Ouvir isso do jornalista causa alguma estranheza dado ser conhecido por não ter papas na língua. Mas, sua declaração nos remete ao que nos é dado saber e, principalmente, à informação que nos é sonegada.

De que, enquanto público, não passamos de pessoas cujas opiniões são mediadas - de segunda mão - pela natureza das informações a que temos acesso, disso não restam dúvidas. De que tais informações são divulgadas sob o filtro de interesses daqueles que as recebem e passam adiante também não restam dúvidas. De modo que, enquanto público, estamos à mercê de toda sorte de manipulações. Pior: a formação das consciências pessoal e coletiva é afetada pelas verdades ou pretensas verdades a toda hora divulgadas.

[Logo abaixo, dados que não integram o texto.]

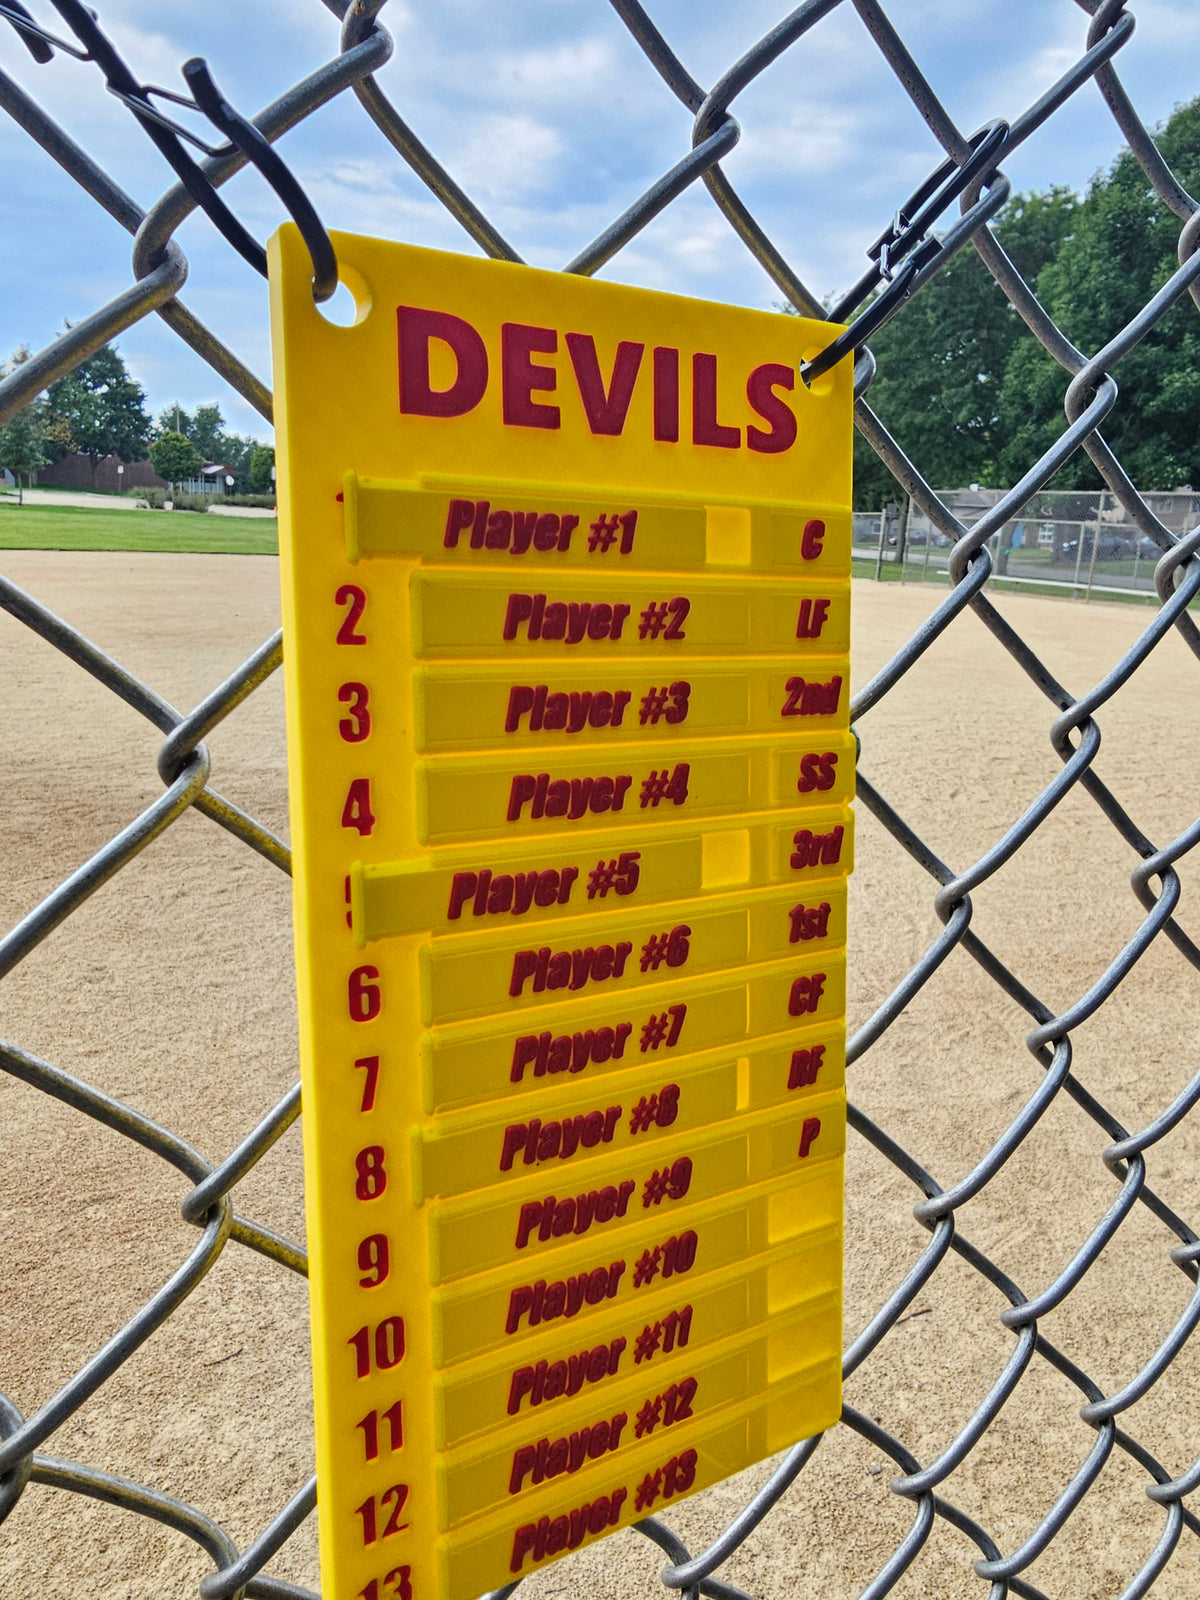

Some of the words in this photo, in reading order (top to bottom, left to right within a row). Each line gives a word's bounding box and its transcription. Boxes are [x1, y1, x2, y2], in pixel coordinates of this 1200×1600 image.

[396, 305, 798, 454] DEVILS
[444, 499, 579, 555] Player
[588, 510, 637, 555] #1
[801, 520, 825, 560] C
[335, 585, 366, 645] 2
[503, 594, 631, 644] Player
[639, 597, 690, 640] #2
[796, 599, 830, 638] LF
[338, 682, 370, 742] 3
[505, 685, 631, 739] Player
[639, 681, 691, 725] #3
[781, 676, 842, 716] 2nd
[507, 774, 632, 821] Player
[640, 763, 690, 808] #4
[798, 752, 838, 793] SS
[342, 779, 375, 836] 4
[790, 826, 844, 869] 3rd
[447, 867, 579, 920] Player
[587, 852, 641, 899] #5
[789, 903, 831, 943] 1st
[509, 942, 632, 997] Player
[640, 925, 691, 972] #6
[348, 965, 380, 1022] 6
[788, 973, 826, 1016] CF
[510, 1023, 632, 1083] Player
[640, 1004, 687, 1052] #7
[787, 1045, 826, 1090] RF
[355, 1056, 379, 1112] 7
[500, 1105, 622, 1171] Player
[629, 1084, 680, 1135] #8
[798, 1118, 821, 1158] P
[356, 1146, 386, 1201] 8
[515, 1179, 635, 1249] Player
[642, 1157, 693, 1208] #9
[358, 1234, 389, 1288] 9
[505, 1260, 626, 1335] Player
[633, 1230, 698, 1288] #10
[347, 1316, 405, 1378] 10
[507, 1337, 627, 1416] Player
[634, 1305, 693, 1364] #11
[356, 1400, 402, 1461] 11
[509, 1412, 628, 1495] Player
[635, 1377, 698, 1439] #12
[355, 1484, 409, 1545] 12
[510, 1487, 628, 1573] Player
[634, 1449, 698, 1512] #13

Num momento em que o país atravessa talvez o mais tenebroso período de sua história não dispor de fontes de informação totalmente confiáveis nos coloca em situação complicada. Destarte as já conhecidas dificuldades relacionadas às fontes de notícias que nem sempre se caracterizam pelo compromisso com a verdade, estabelece-se um jogo no qual a opinião pública torna-se desvalorizada. As consequências desse fato são perigosas. Por exemplo: diante da maratona de acusações e desmentidos que pululam hoje em dia nos meios de comunicação, em quem deveríamos apostar para conduzir o país nas eleições do ano vindouro?

Não se descarte do dito acima o fato de que a unanimidade não só e burra com impossível. Nem nos enganemos na busca de verdades absolutas sobre as quais ninguém ousaria levantar as menores dúvidas. Entretanto, eis aí um momento no qual a velha boa-fé seria sempre bem-vinda.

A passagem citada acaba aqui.